Published by Viking,

1989, £20

Reviewed by Peter Taaffe

In last year’s avalanche of literature on the 200th anniversary of the French revolution, Simon Schama’s book Citizens was singled out by bourgeois reviewers. Little wonder for, as he admits, he adopts „the unfashionable top-down“ rather than „bottom-up“ approach.

While Citizens has been praised and its author lionised, it is not a serious work. Not quite fiction, it is at best ‚faction‘, and a not very good example of this genre. True the author admits that „what follows … is not science“. On this at least we concur!

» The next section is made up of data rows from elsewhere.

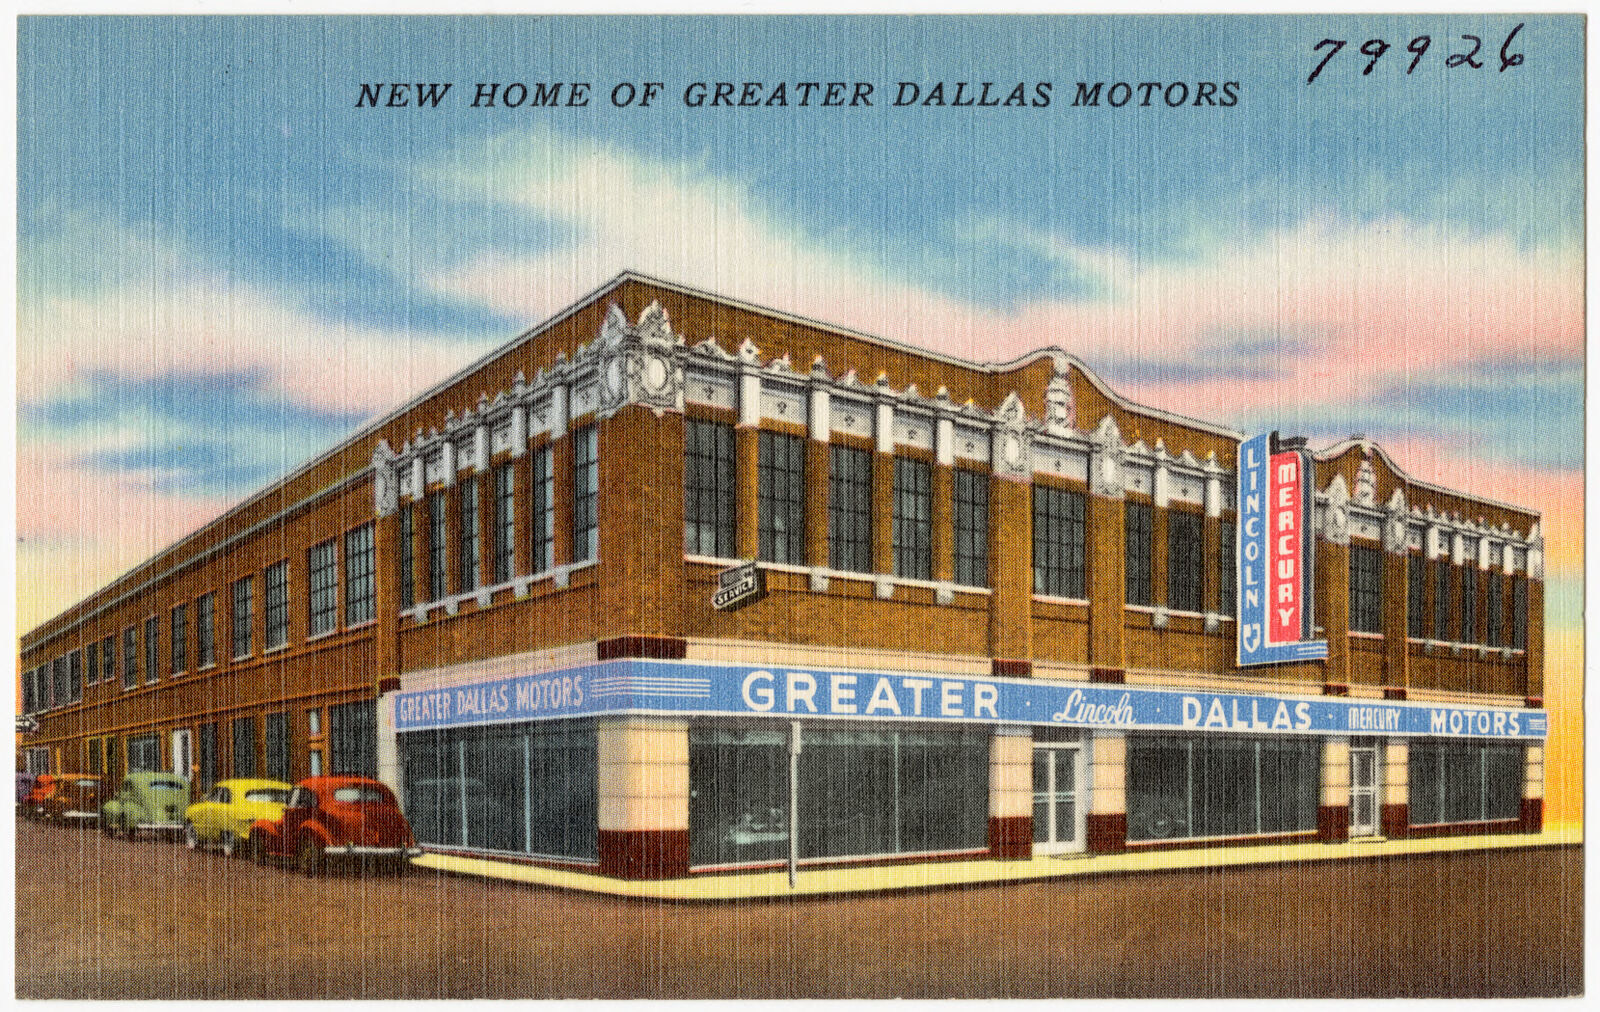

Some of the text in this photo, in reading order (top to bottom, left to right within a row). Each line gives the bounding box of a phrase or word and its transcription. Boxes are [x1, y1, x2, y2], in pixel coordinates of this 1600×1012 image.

[1306, 22, 1525, 85] 79926
[1244, 447, 1262, 609] LINCOLN
[1277, 462, 1297, 627] MERCURY
[400, 675, 585, 722] GREATER DALLAS MOTORS
[741, 670, 1521, 736] GREATER Lincoln DALLAS MERCURY MOTORS

Schama’s excuse is that modern history is „depersonalised, cut loose from the speech and conduct of great men“. True, the output of most modern bourgeois historians is as interesting as a railway timetable. But real history, seeking to describe the objective unfolding of events, neither ignores ‚great men‘ nor isolates them from the objective conditions in which they operate.

No bourgeois historian has explained fully the causes of the revolution, its rhythm and the role of the great figures shaped by and in turn shaping its course. Schama is no exception. However, many are at least readable in comparison to Schama. Some present accurate factual data, adding to our knowledge. Schama is not even capable of this.

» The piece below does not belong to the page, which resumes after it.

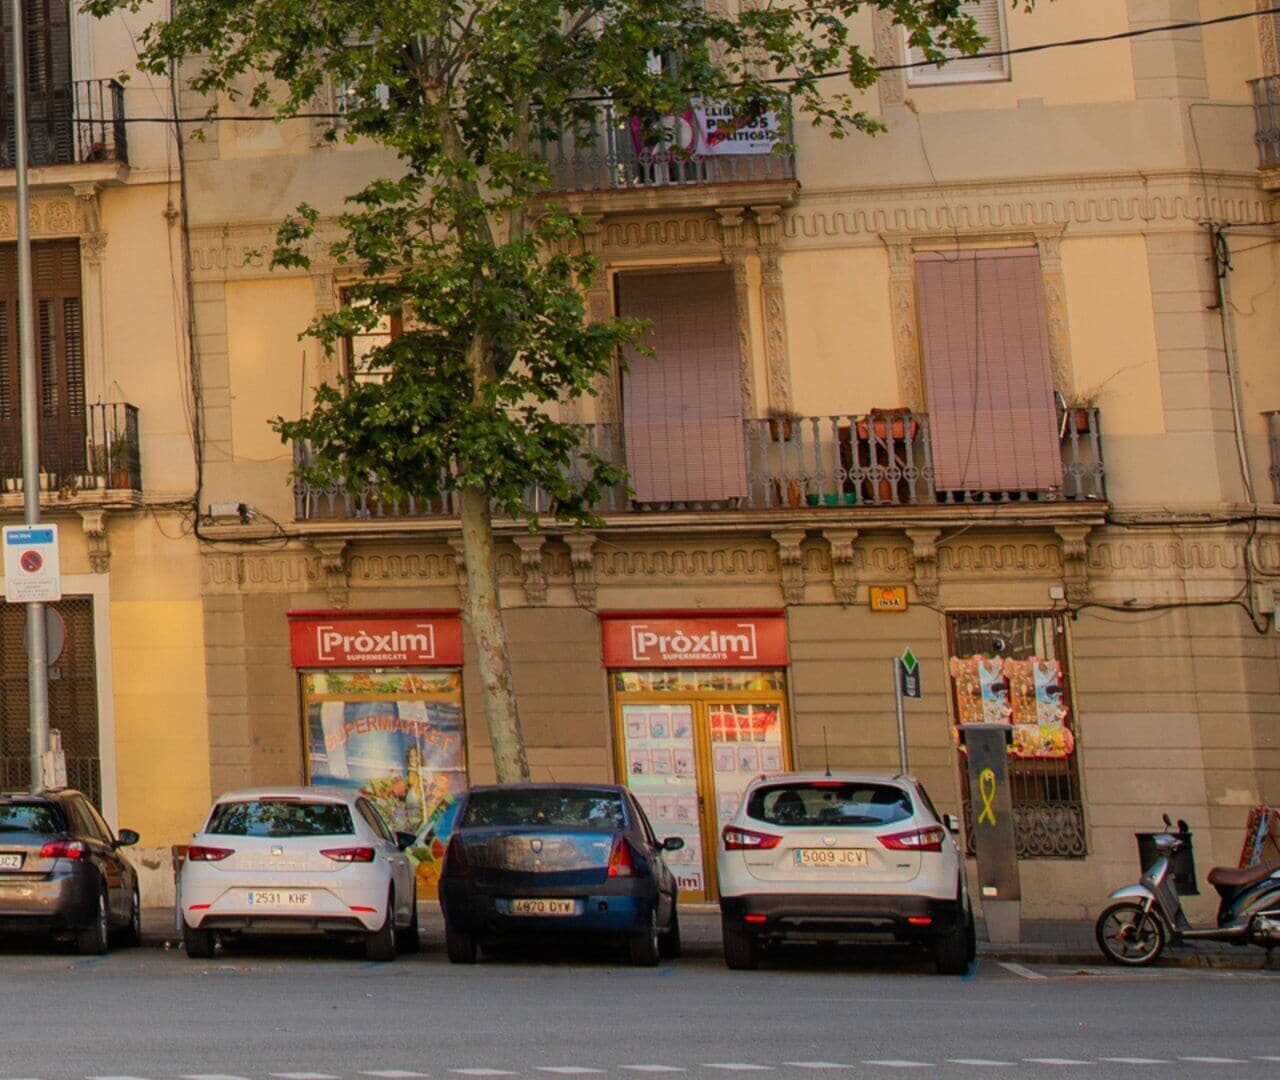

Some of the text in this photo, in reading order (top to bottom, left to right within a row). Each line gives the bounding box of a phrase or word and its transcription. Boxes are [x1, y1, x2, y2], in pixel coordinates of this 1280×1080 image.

Among pages of useless detail about ‚ballooning‘ in pre-revolutionary France or of prisoners who kept rats as pets, Schama’s real theme is the alleged bloodlust of the French masses. Thus there is no coherent explanation why the Parisian masses stormed the Bastille. It was not to release the seven prisoners incarcerated there. Instead they believed this Royalist stronghold was stockpiled with guns trained on Rue St Antoine, the main bastion of the revolution.

Schama particularly laments the treatment of the Governor of the Bastille, Launey. He complains, „a sword was handed to Desnaux but he cast it aside and used a pocket knife to saw through de Launey’s neck“. This act was barbaric, but Schama ignores the 98 killed and 73 wounded because de Launey ordered the guards to fire. Is it little wonder that the besiegers of the Bastille were driven into a frenzy which resulted in the bloody execution of the Governor?

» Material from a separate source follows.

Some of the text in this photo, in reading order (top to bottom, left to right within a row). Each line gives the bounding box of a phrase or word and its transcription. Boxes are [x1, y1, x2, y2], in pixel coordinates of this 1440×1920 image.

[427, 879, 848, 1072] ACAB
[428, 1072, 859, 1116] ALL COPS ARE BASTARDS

In passing, Schama mentions the privations of the masses without recognising this as the spur driving the revolution forward. A similarly selective approach is adopted to the Terror. While most bourgeois historians praise 1789 – the ‚good revolution‘ – and excoriate 1793 – ‚the bad revolution‘, Schama declares „the Terror was merely 1789 with a higher body count“. This typifies the shallow and vulgar treatment of the ebbs and flows of the revolution.

History must proceed under the pacifist baton of conductor Schama. Violence, it seems, was „the revolution’s source of collective energy. It was what made the revolution revolutionary“. In fact the Terror arose from the attempts of counter-revolution, internally and externally, to mobilise the forces of feudal reaction with the bourgeois of Britain in a coalition to smash the revolution.

Schama also goes to ludicrous lengths in his apologia of Louis XVI. Thus he writes „on 14 July 1789 Louis’s journal consisted of the one word entry ‚rien‘ (nothing). Historians invariably find this a comic symptom of the King’s hapless remoteness from political reality. But it was nothing of the sort. The journal was less diary than one of his remorselessly innumerated lists of kills at the hunt. Since his favourite pastime had been more or less permanently interrupted, there could hardly have been a more negatively eloquent utterance on his predicament than ‚rien‘.“

We are asked to believe that while a social earthquake developed under his feet it was entirely normal for the French King to concentrate his mental forces on the ‚hunt‘. This comment says as much about Schama’s method as it does about the vacuous Louis.

For Schama the revolution’s social achievements are a dead letter. Yet the destruction of the last remnants of feudalism, the unification of France, the acceptance of bourgeois law etc., cleared the way for the future development of capitalism. This would not have been accomplished without the great French revolution. It is a measure of the fear of bourgeois historians that they have to denigrate the revolutions of the past in order to defeat its threat today. This song is sung in many different keys. Thatcher deploys crude invective in her ignorant broad sides. Schama merely adopts a more ‚erudite‘ approach.